Problem details: Each record that follows is to be transcribed exactly, excluding its images.

------------------------------------------------------------------------

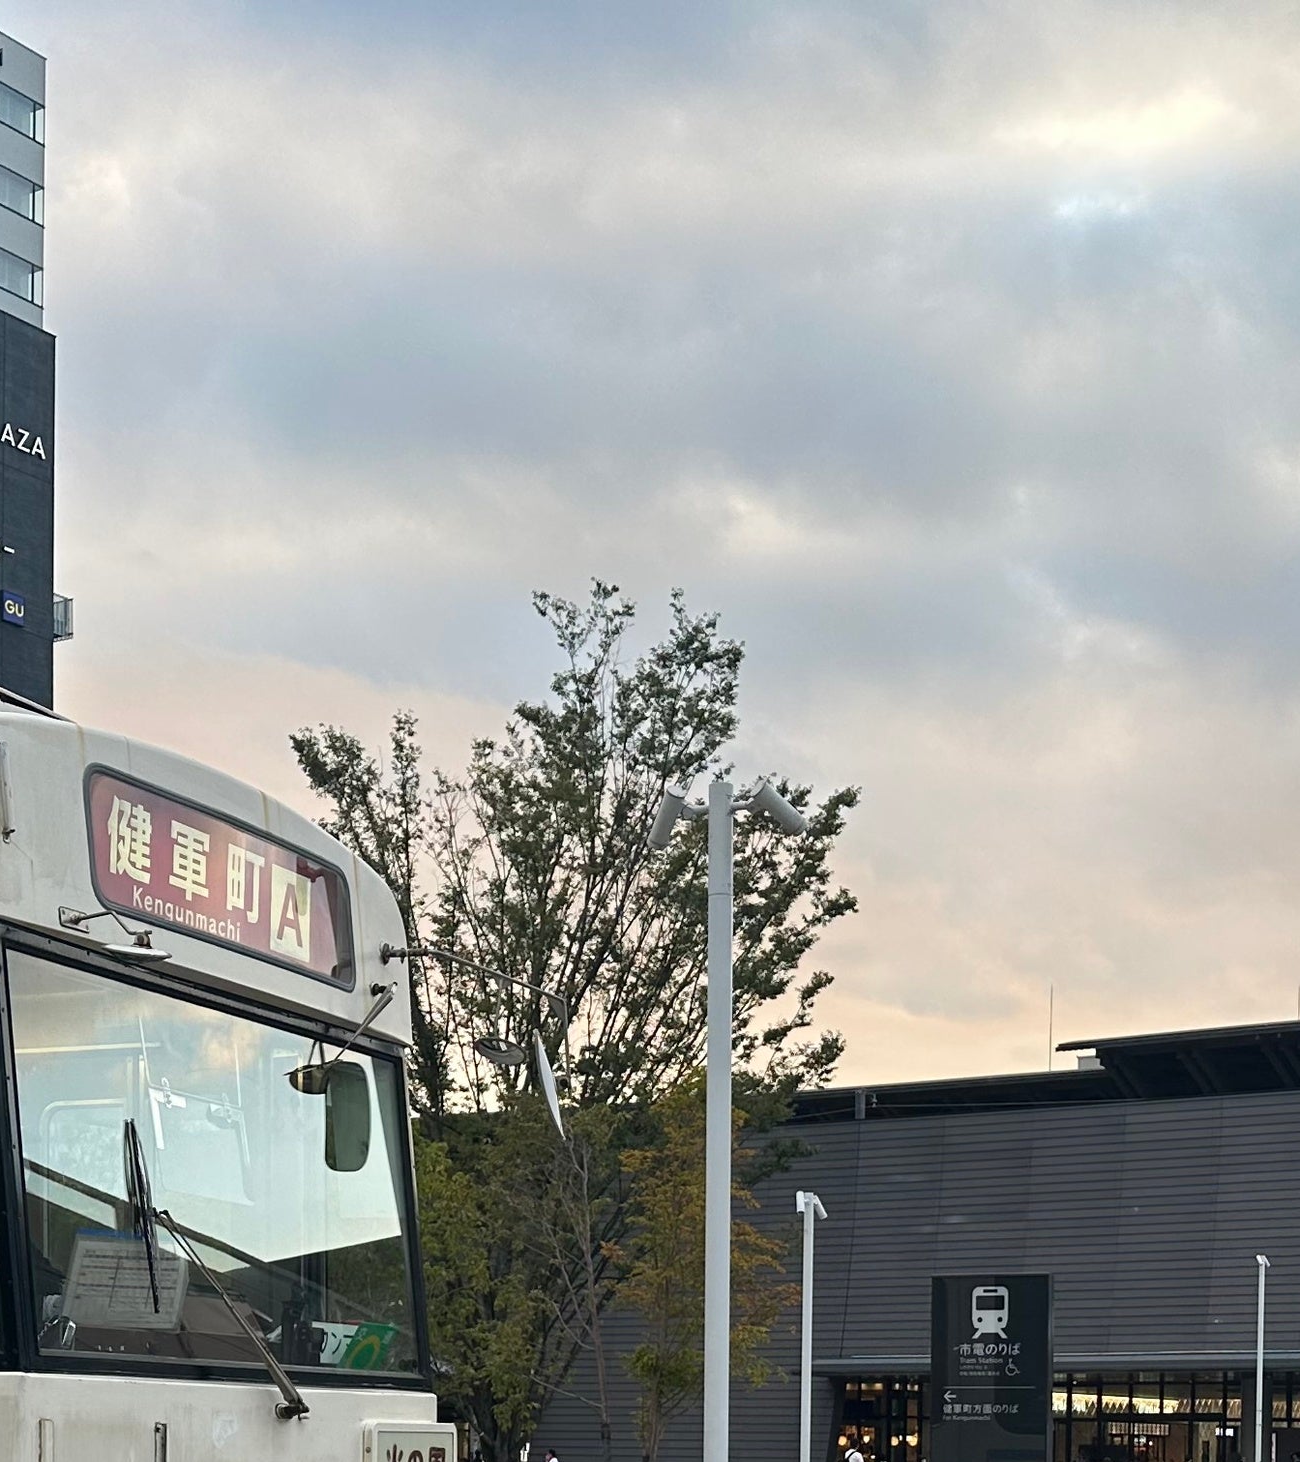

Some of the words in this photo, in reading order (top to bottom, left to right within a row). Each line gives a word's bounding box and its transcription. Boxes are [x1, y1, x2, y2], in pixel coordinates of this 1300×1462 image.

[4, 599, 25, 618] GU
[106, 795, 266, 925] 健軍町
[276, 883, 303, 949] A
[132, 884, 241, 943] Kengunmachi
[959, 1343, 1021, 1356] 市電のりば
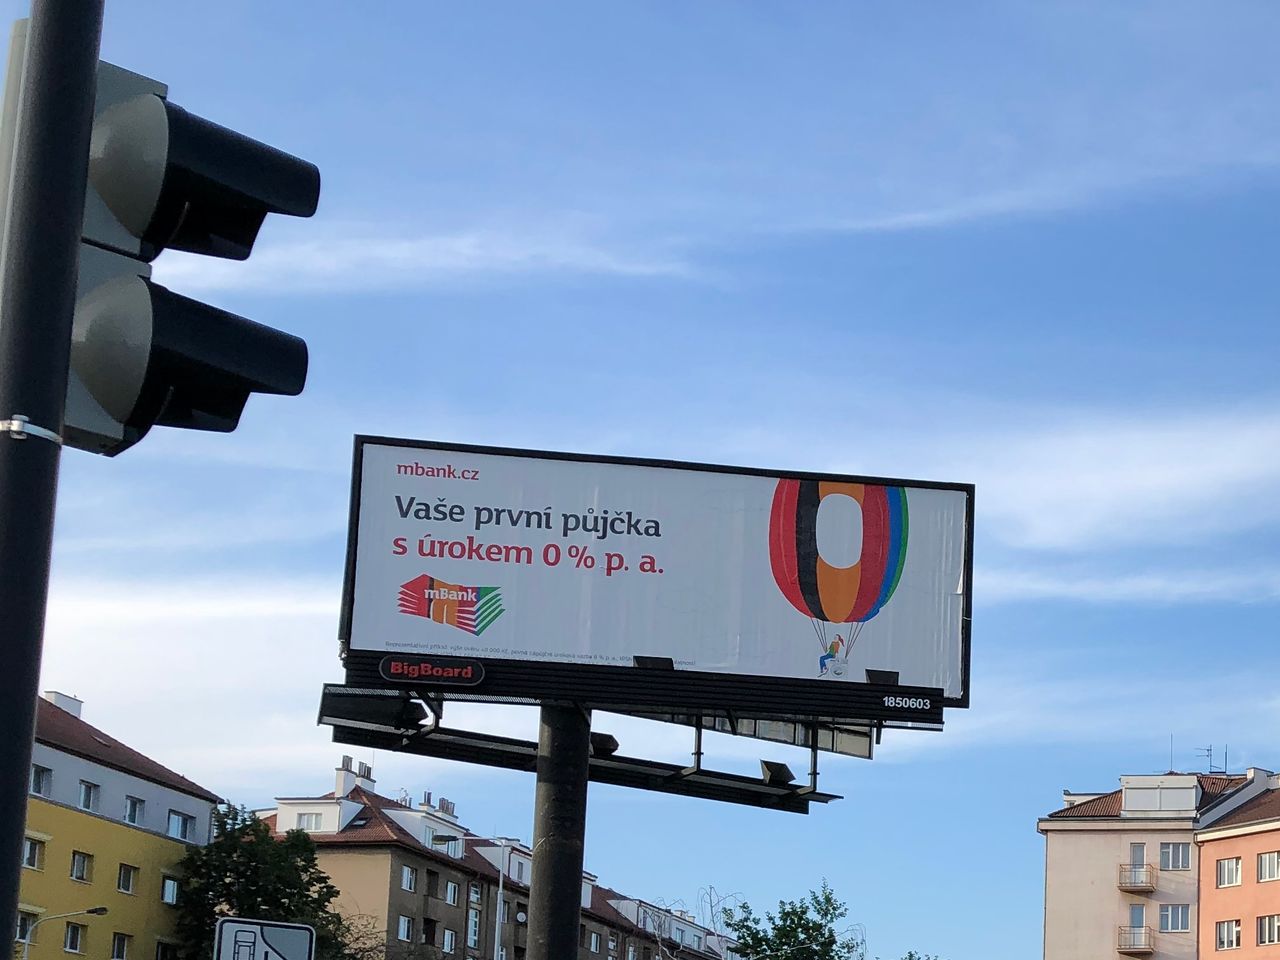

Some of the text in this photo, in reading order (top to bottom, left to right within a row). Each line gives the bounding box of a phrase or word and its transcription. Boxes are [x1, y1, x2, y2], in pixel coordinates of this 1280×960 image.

------------------------------------------------------------------------

Task answer:
Some of the words in this photo, in reading order (top to bottom, left to right within a row). Each line gives a word's bounding box and its transcription. Boxes are [x1, y1, x2, y2], in pixel coordinates of this 1300×1462 image.

[4, 599, 25, 618] GU
[106, 795, 266, 925] 健軍町
[276, 883, 303, 949] A
[132, 884, 241, 943] Kengunmachi
[959, 1343, 1021, 1356] 市電のりば

Some of the text in this photo, in reading order (top to bottom, left to right within a row). Each line gives the bounding box of a phrase or word and its transcription. Boxes are [x1, y1, x2, y2], in pixel coordinates of this 1280×960 image.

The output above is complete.